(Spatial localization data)
^^^^^^^^^^^^^^^^

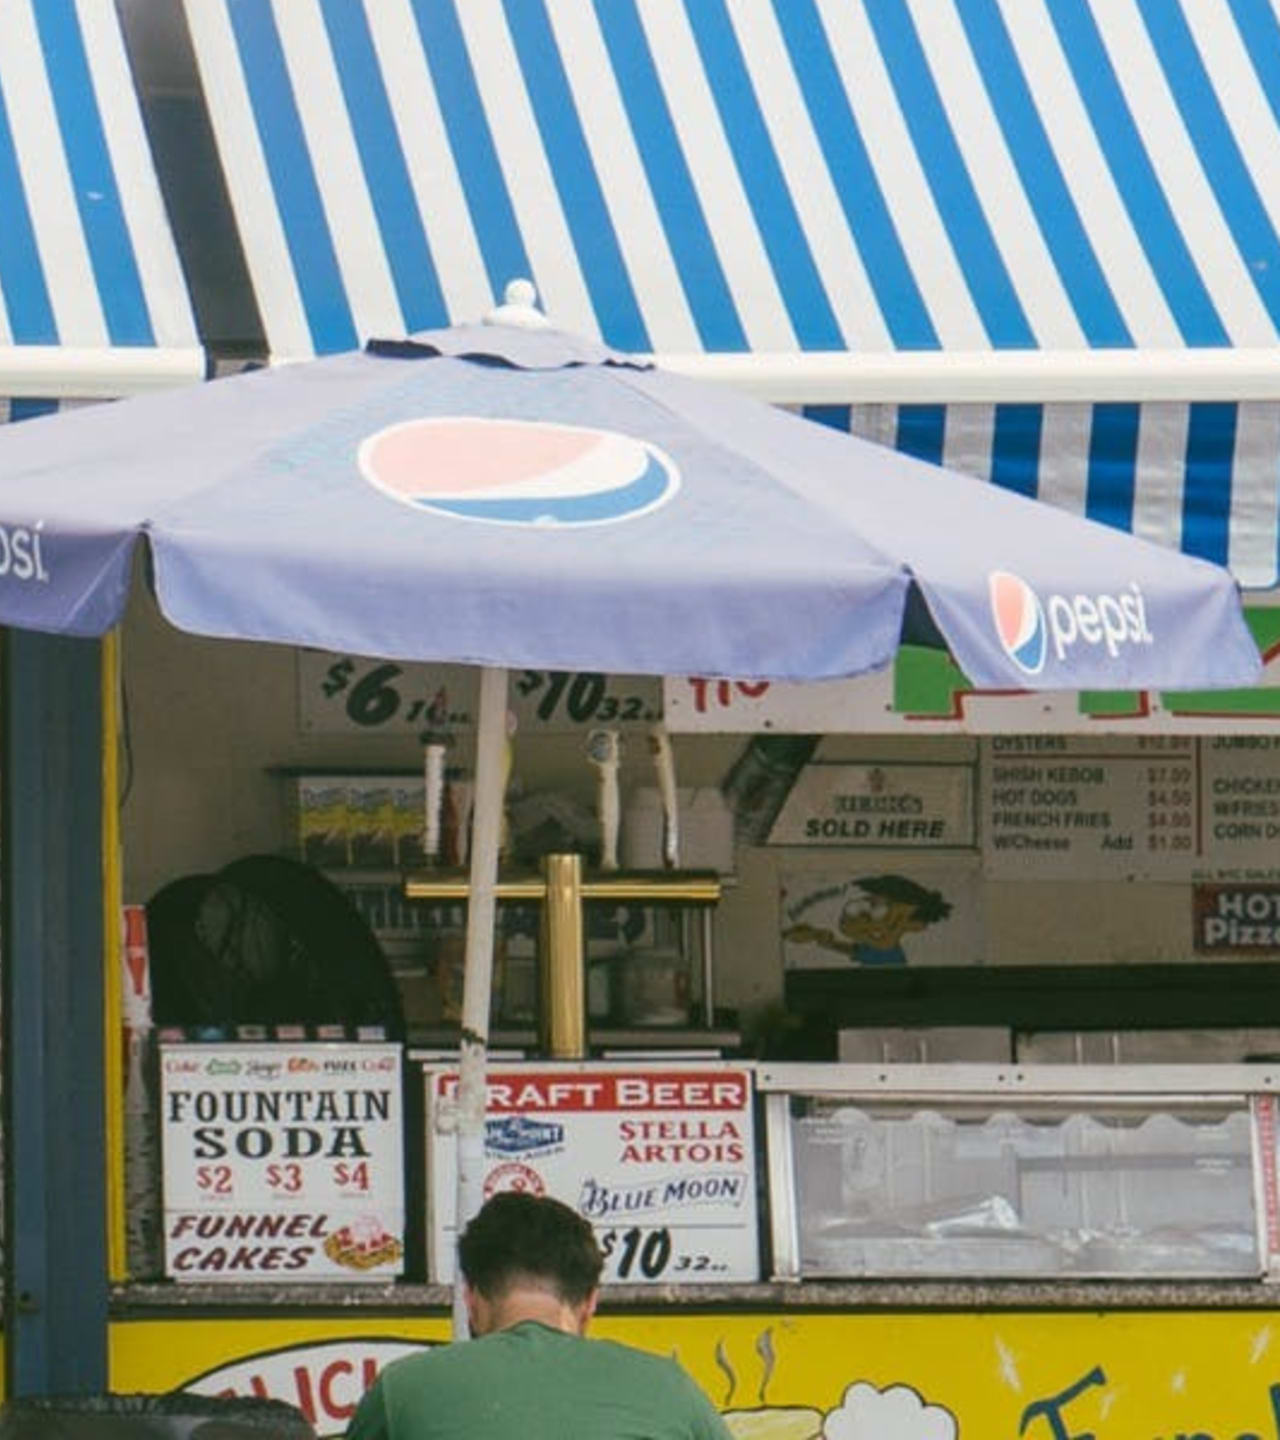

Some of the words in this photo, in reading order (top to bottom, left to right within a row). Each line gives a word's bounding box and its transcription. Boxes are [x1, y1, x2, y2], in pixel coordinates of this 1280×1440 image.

[1048, 584, 1154, 660] pepsi
[320, 657, 403, 726] $6
[992, 788, 1025, 806] HOT
[1029, 788, 1079, 806] DOGS
[805, 817, 871, 839] SOLD
[877, 818, 946, 839] HERE
[992, 811, 1062, 828] FRENCH
[1063, 811, 1112, 828] FRIES
[1213, 822, 1262, 840] CORN
[1100, 833, 1134, 851] Add
[614, 1077, 742, 1106] BEER
[167, 1090, 391, 1123] FOUNTAIN
[192, 1126, 372, 1159] SODA
[619, 1121, 740, 1140] STELLA
[620, 1144, 744, 1164] ARTOIS
[197, 1164, 232, 1194] $2
[266, 1162, 303, 1192] $3
[333, 1161, 369, 1191] $4
[582, 1184, 656, 1217] BLUE
[663, 1178, 740, 1204] MOON
[170, 1213, 329, 1239] FUNNEL
[172, 1246, 316, 1271] CAKES
[602, 1226, 671, 1279] $10

^^^^^^^^^^^^^^^^

Repeat the full set of records exactly, and output no pictures.

▶ _WRITTEN REPLY_
Some of the words in this photo, in reading order (top to bottom, left to right within a row). Each line gives a word's bounding box and its transcription. Boxes are [x1, y1, x2, y2], in pixel coordinates of this 1280×1440 image.

[1048, 584, 1154, 660] pepsi
[320, 657, 403, 726] $6
[992, 788, 1025, 806] HOT
[1029, 788, 1079, 806] DOGS
[805, 817, 871, 839] SOLD
[877, 818, 946, 839] HERE
[992, 811, 1062, 828] FRENCH
[1063, 811, 1112, 828] FRIES
[1213, 822, 1262, 840] CORN
[1100, 833, 1134, 851] Add
[614, 1077, 742, 1106] BEER
[167, 1090, 391, 1123] FOUNTAIN
[192, 1126, 372, 1159] SODA
[619, 1121, 740, 1140] STELLA
[620, 1144, 744, 1164] ARTOIS
[197, 1164, 232, 1194] $2
[266, 1162, 303, 1192] $3
[333, 1161, 369, 1191] $4
[582, 1184, 656, 1217] BLUE
[663, 1178, 740, 1204] MOON
[170, 1213, 329, 1239] FUNNEL
[172, 1246, 316, 1271] CAKES
[602, 1226, 671, 1279] $10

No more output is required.